WHEREAS, the Parties wish to establish the terms of the Executive’s employment with the Company;

NOW, THEREFORE, in consideration of the foregoing, of the mutual promises contained herein and of other good and valuable consideration, the receipt and sufficiency of which are hereby acknowledged, the Parties, intending to be legally bound, hereby agree as follows:


1.1 Position and Duties. During the Employment Term, the Executive shall serve as Chief Executive Officer of the Company. In this capacity the Executive shall:

(a)  have such duties and responsibilities as are consistent with such office, including, without limitation: (i) Over all business of the company, (ii) representation of the Company on a variety of issues to customers, suppliers, investors and the general community, and (iii) as otherwise may be prescribed from time to time by the Board of Directors of the Company, within the customary requirements of this position. The Executive shall be the highest ranking officer of the Company and shall report only to the Board of Directors.

(b)  perform and discharge his duties and responsibilities well and faithfully and in accordance with the terms and conditions of this Agreement and national laws and regulations, and rules, regulations, labor disciplines, work criterion and professional ethical codes stipulated by the Company, and shall devote his best talents, efforts and abilities to the performance of his duties hereunder.

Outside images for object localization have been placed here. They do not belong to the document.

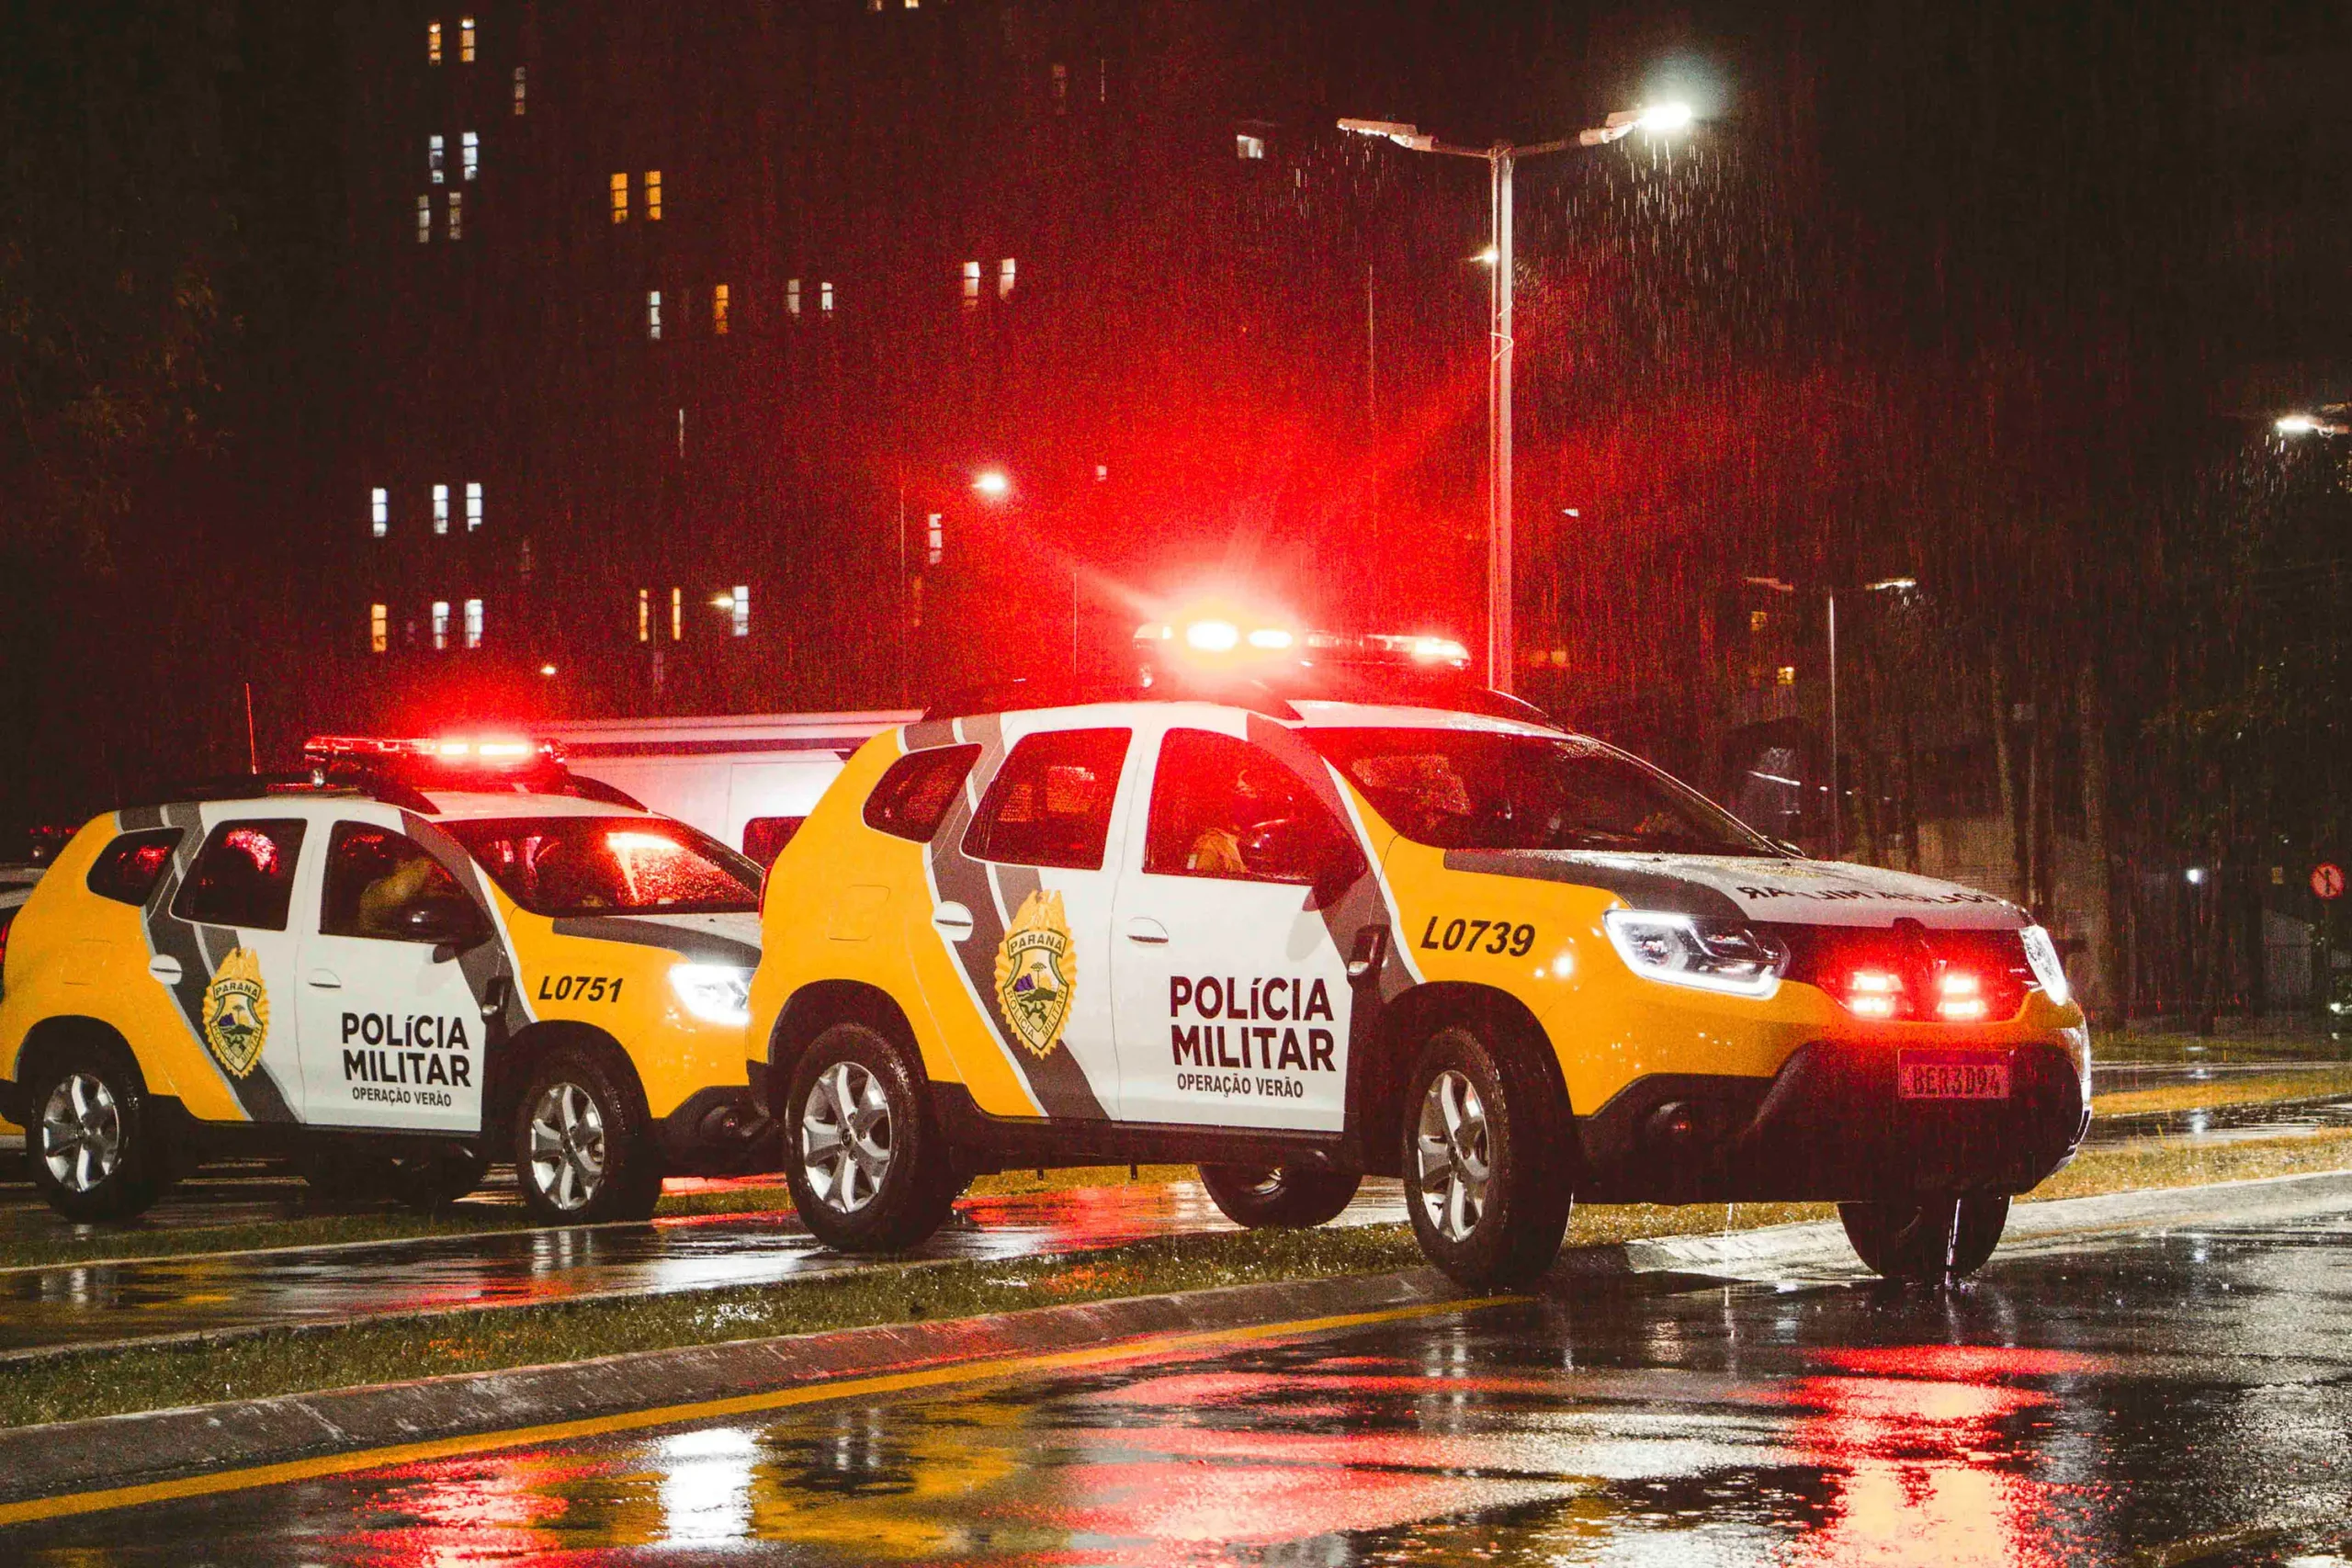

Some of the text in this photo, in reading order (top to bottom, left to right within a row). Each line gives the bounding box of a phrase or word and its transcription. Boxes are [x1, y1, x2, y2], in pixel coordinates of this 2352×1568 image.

[1010, 933, 1064, 953] PARANÁ
[1420, 916, 1535, 957] L0739
[538, 976, 624, 1003] L0751
[1170, 976, 1335, 1021] POLÍCIA
[342, 1012, 469, 1050] POLÍCIA
[1041, 988, 1066, 1039] MILITAR
[1170, 1024, 1336, 1072] MILITAR
[343, 1049, 471, 1088] MILITAR
[1177, 1073, 1304, 1099] OPERAÇÃO VERÃO
[352, 1087, 451, 1107] OPERAÇÃO VERÃO

(c)  serve as a member of the Company’s Board of Directors. The Company agrees to  nominate the Executive to be a director of the Company at each election of directors of the Company held during the Employment Term, and to recommend to the shareholders of the Company to vote their shares in favor of the election of the Executive as a director of the Company at all such meetings. The Executive agrees to serve as a director of the Company for no additional consideration, except as may be provided to all directors generally.
1.2  Employment Term.  Except for earlier termination as provided in Section 5, the Executive’s employment under this Agreement shall be for one (1) year starting on January 1, 2011 and ending on December 31, 2011 (the “Initial Term”). At the expiration of the Initial Term, the employment shall automatically be extended, without any action on the part of the Company or the Executive, for additional periods of one (1) year (the “Additional Term”), unless either of the Parties elects not to extend this Agreement with a written notice at least sixty (60) days prior to the expiration of the Initial Term.  The Initial Term and any Additional Term shall be referred to herein as the “Employment Term.”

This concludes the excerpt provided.